- Exercise description -
Please set down the data again exactly, minus the pictures.
===== Dataset entries
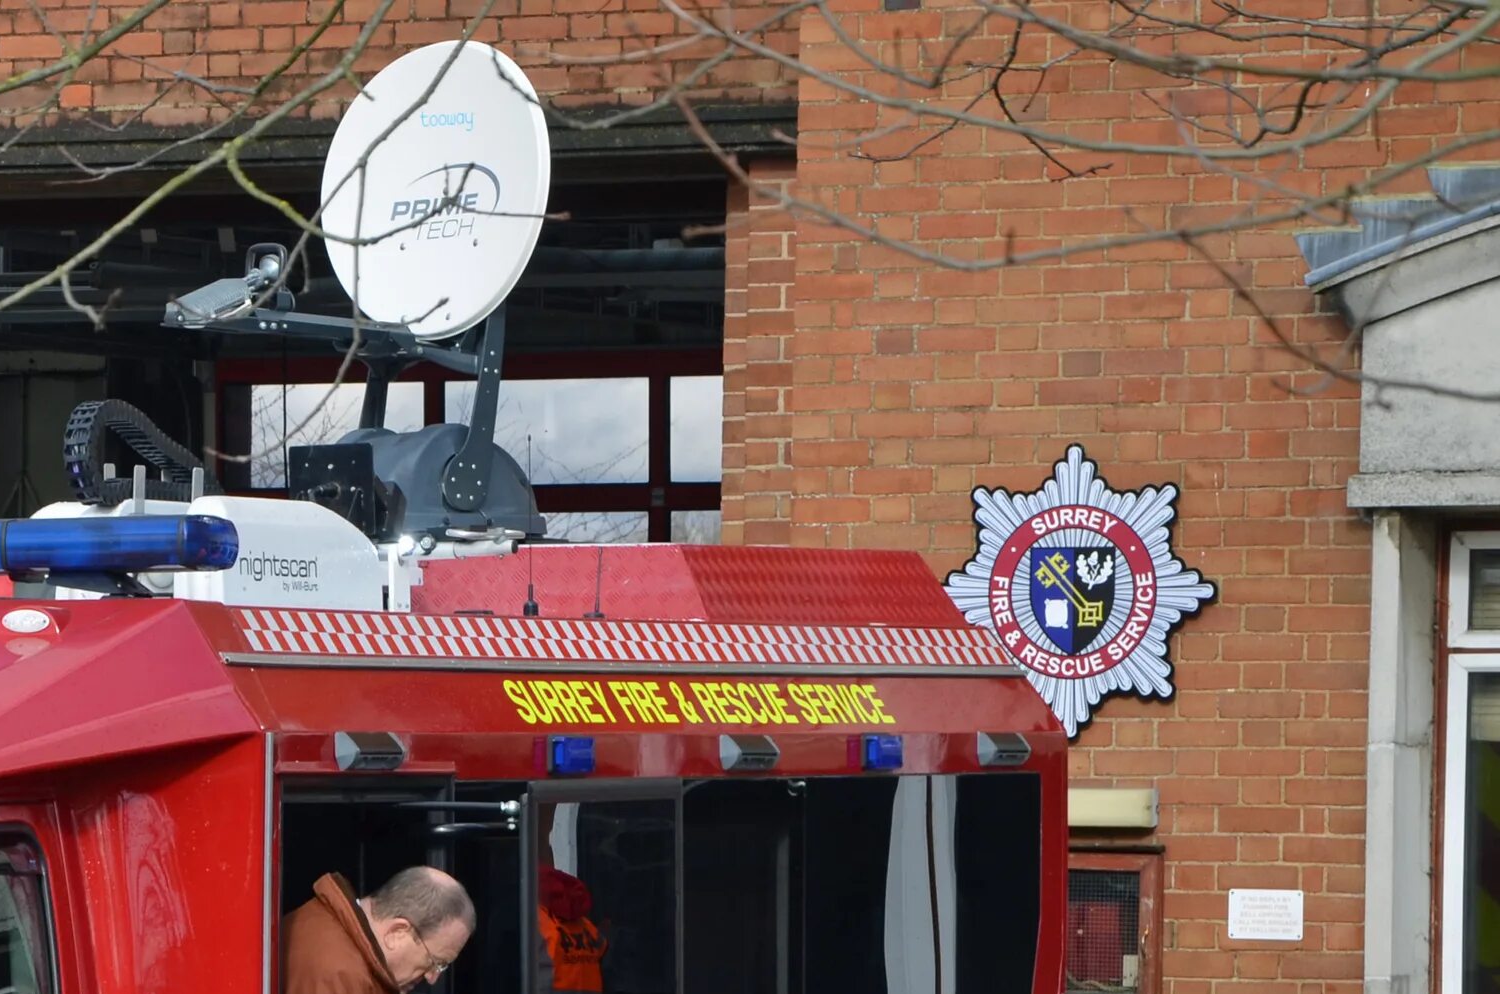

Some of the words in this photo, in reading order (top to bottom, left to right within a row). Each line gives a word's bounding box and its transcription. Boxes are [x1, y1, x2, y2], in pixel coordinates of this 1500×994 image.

[420, 112, 474, 131] tooway
[390, 193, 479, 221] PRIME
[417, 217, 475, 240] TECH
[1031, 508, 1117, 535] SURREY
[239, 550, 318, 582] nightscan
[992, 575, 1013, 627] FIRE
[1005, 629, 1021, 648] &
[1020, 643, 1105, 676] RESCUE
[1107, 571, 1153, 660] SERVICE
[502, 679, 617, 725] SURREY
[607, 680, 681, 725] FIRE
[672, 680, 704, 725] &
[689, 681, 800, 725] RESCUE
[787, 683, 897, 725] SERVICE
==========
- Task answer -
Some of the words in this photo, in reading order (top to bottom, left to right within a row). Each line gives a word's bounding box and its transcription. Boxes are [x1, y1, x2, y2], in pixel coordinates of this 1500×994 image.

[420, 112, 474, 131] tooway
[390, 193, 479, 221] PRIME
[417, 217, 475, 240] TECH
[1031, 508, 1117, 535] SURREY
[239, 550, 318, 582] nightscan
[992, 575, 1013, 627] FIRE
[1005, 629, 1021, 648] &
[1020, 643, 1105, 676] RESCUE
[1107, 571, 1153, 660] SERVICE
[502, 679, 617, 725] SURREY
[607, 680, 681, 725] FIRE
[672, 680, 704, 725] &
[689, 681, 800, 725] RESCUE
[787, 683, 897, 725] SERVICE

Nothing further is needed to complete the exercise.